Columnistas

Aquella noche mi tío Manlio M. me invitó a cenar en el hotel en que se hospedaba en la Ciudad de México, luego de visitar juntos varias librerías en esa gran urbe. Sibarita y bibliófilo, las conversaciones con él eran experiencias únicas de erudición y aprendizaje, así que, en medio de mis circunstancias de modesto becario, además de comer bien sabía que disfrutaría de una sobremesa inigualable con alguien querido que me pondría al tanto de lo que pasaba en el terruño.

Esperaba en el vestíbulo del hotel, cuando un grupo bullicioso pasó cerca de mí y escuché que desde ahí emergió clara y sonora una voz femenina llamándome con mi primer nombre y apellido. “¡Miguel Cálix!”. Me volteé de inmediato para ver quién se dirigía a mí y fue entonces cuando escuché una pregunta, con un acento guatemalteco que me resultó conocido: “¿qué hacés aquí?”.

Era mi amiga Úrsula, de quien había perdido pista hacía ocho años al menos. “¿Úrsula?”, indagué con sorpresa, mientras ella se acercaba a saludarme con notable alegría, esa que se demuestra cuando no se ha visto a alguien por mucho tiempo. “Pues... acá vivo”, dije, sin pensar que estaba en un hotel y que la respuesta podría malinterpretarse. Luego le expliqué que estudiaba en el D.F., que habitaba cerca del lugar (Plaza de la Revolución) y que esperaba a mi pariente para comer; ella era parte de una misión guatemalteca que negociaba un Tratado de Libre Comercio y se quedaban en ese hotel. No pasó mucho tiempo cuando apareció mi tío, hice de él una rápida presentación y resultó que conocía al papá de Úrsula, por proximidad profesional (vaya coincidencia).

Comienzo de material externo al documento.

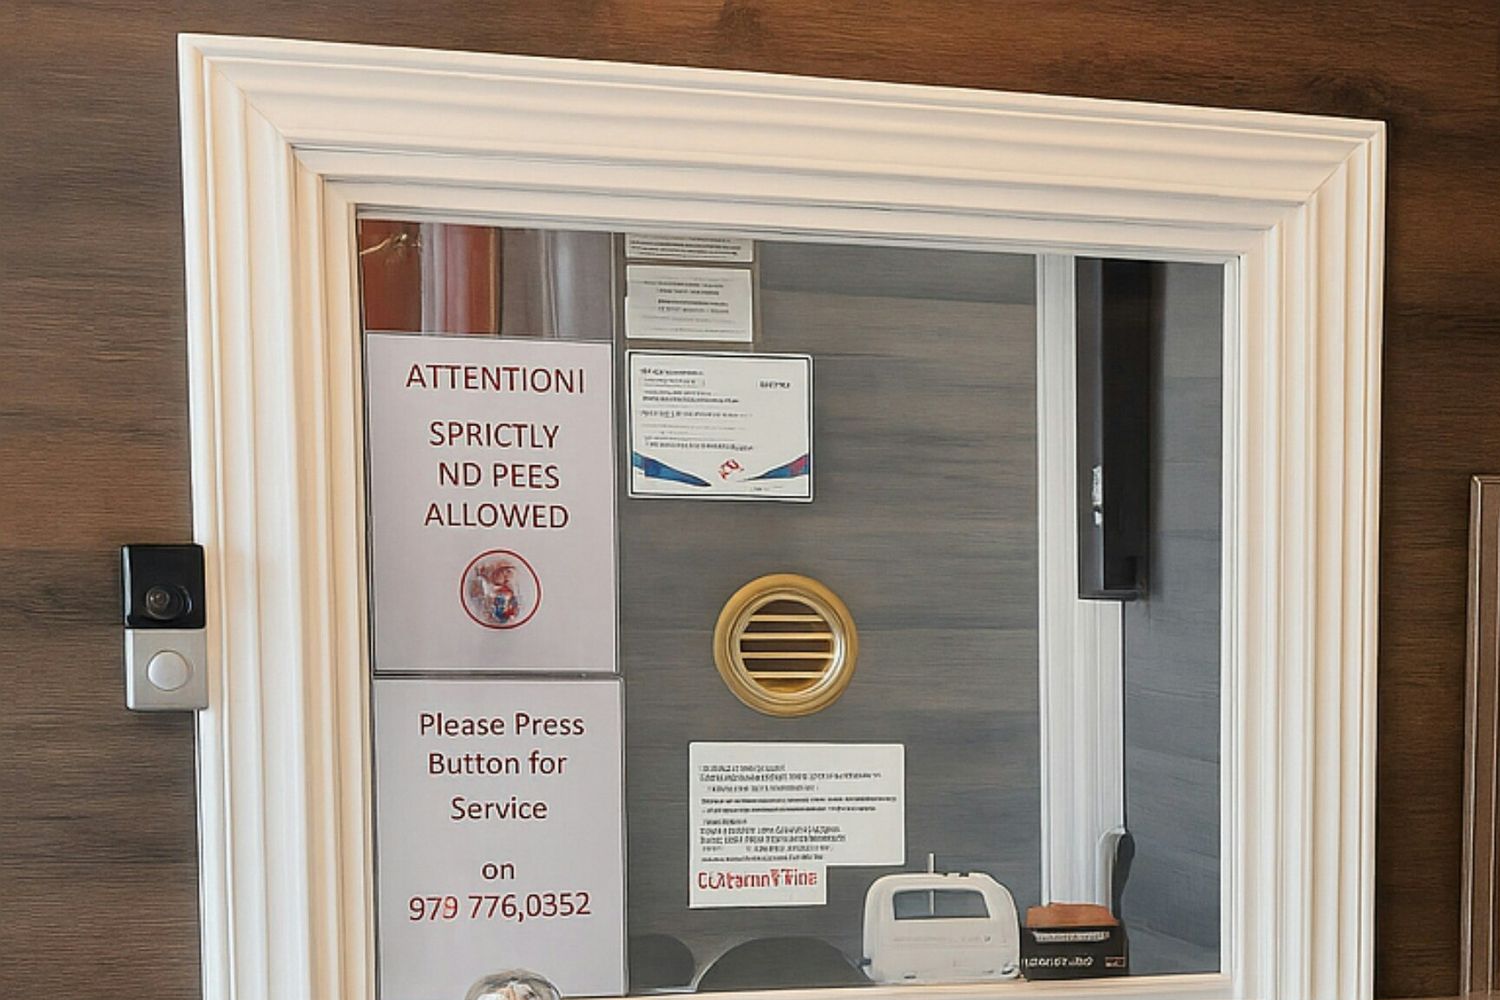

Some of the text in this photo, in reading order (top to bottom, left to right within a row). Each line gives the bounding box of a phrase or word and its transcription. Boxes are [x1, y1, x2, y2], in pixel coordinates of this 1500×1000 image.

[429, 421, 560, 449] SPRICTLY
[438, 462, 560, 490] ND PEES
[424, 503, 569, 529] ALLOWED
[420, 713, 585, 737] Please Press
[428, 750, 568, 775] Button for
[451, 796, 548, 821] Service
[482, 862, 515, 880] on
[409, 896, 458, 921] 979
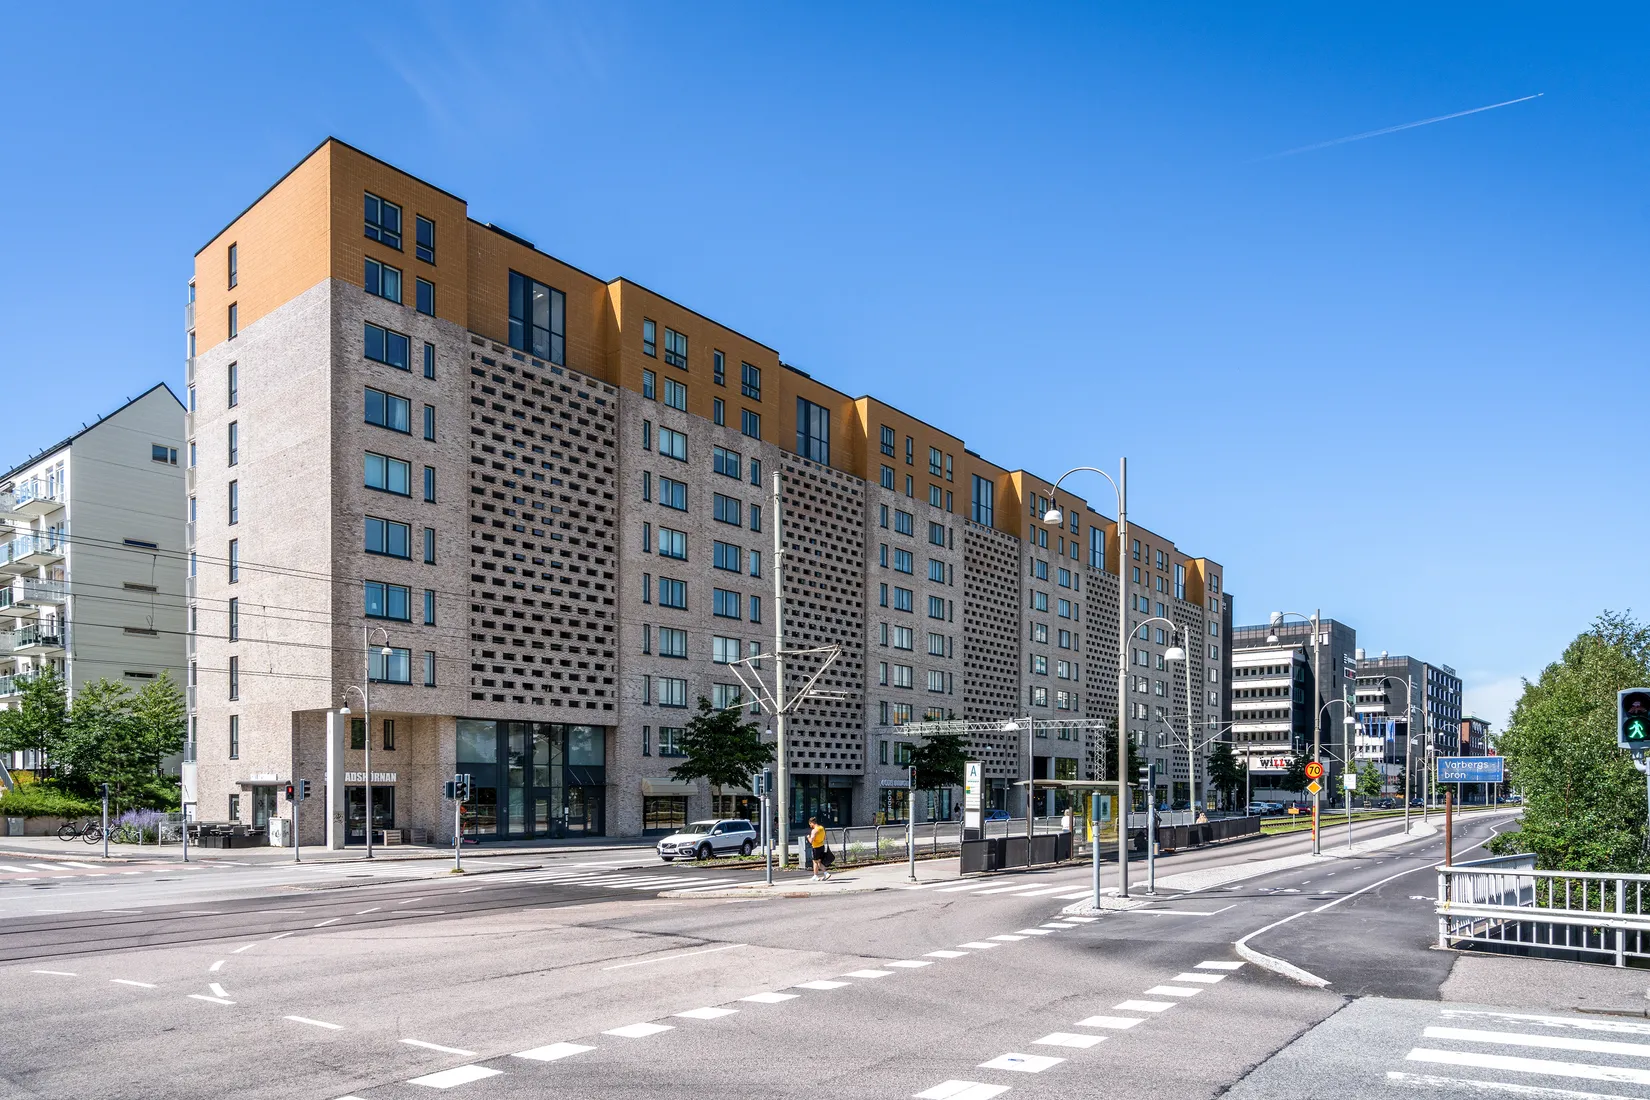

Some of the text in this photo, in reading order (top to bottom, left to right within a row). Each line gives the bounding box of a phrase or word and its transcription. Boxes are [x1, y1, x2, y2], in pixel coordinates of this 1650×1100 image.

[970, 765, 977, 776] A
[1309, 766, 1320, 775] 70
[1445, 771, 1466, 779] bron

Bastaron pocos minutos para que actualizáramos nuestros datos de contacto y ese encuentro improbable, a miles de kilómetros de nuestros hogares -como el que narré de Bremen hace días- permitió que retomáramos un vínculo que se había interrumpido cuando ella decidió volver a Guatemala, después de haber estudiado su secundaria y universidad en Tegucigalpa, varios años atrás. Desde entonces y gracias a ese reencuentro inesperado, nos comunicamos y vemos periódicamente (en su tierra o en Honduras), todo gracias a aquella serendipia que nos ubicó en el mismo lobby de un hotel en tierras aztecas, fortuitamente.

Muchas personas han vivido experiencias como las que he relatado, siendo las más extraordinarias esas que ocurren en lugares lejanos cuando dos personas se encuentran al azar, sin concierto ni acuerdo previo, como si se tratara de dos ovillos de hilo desenredados que se anudan por casualidades del destino.

A veces ocurre que uno “presiente” esos cruces, como si aquella presencia conocida enviara señales o anuncio de su cercanía (me pasa mucho que, después de recordar a alguien, me cruzo con esa persona en una avenida o en lugar público quince minutos después).

Y no deja de resultarme fascinante y hasta pavoroso que ese encuentro serendípico le pueda ocurrir a alguien con un enemigo mortal o con la mismísima señora de la guadaña, para escribir las líneas finales de una historia o de una época (continuará).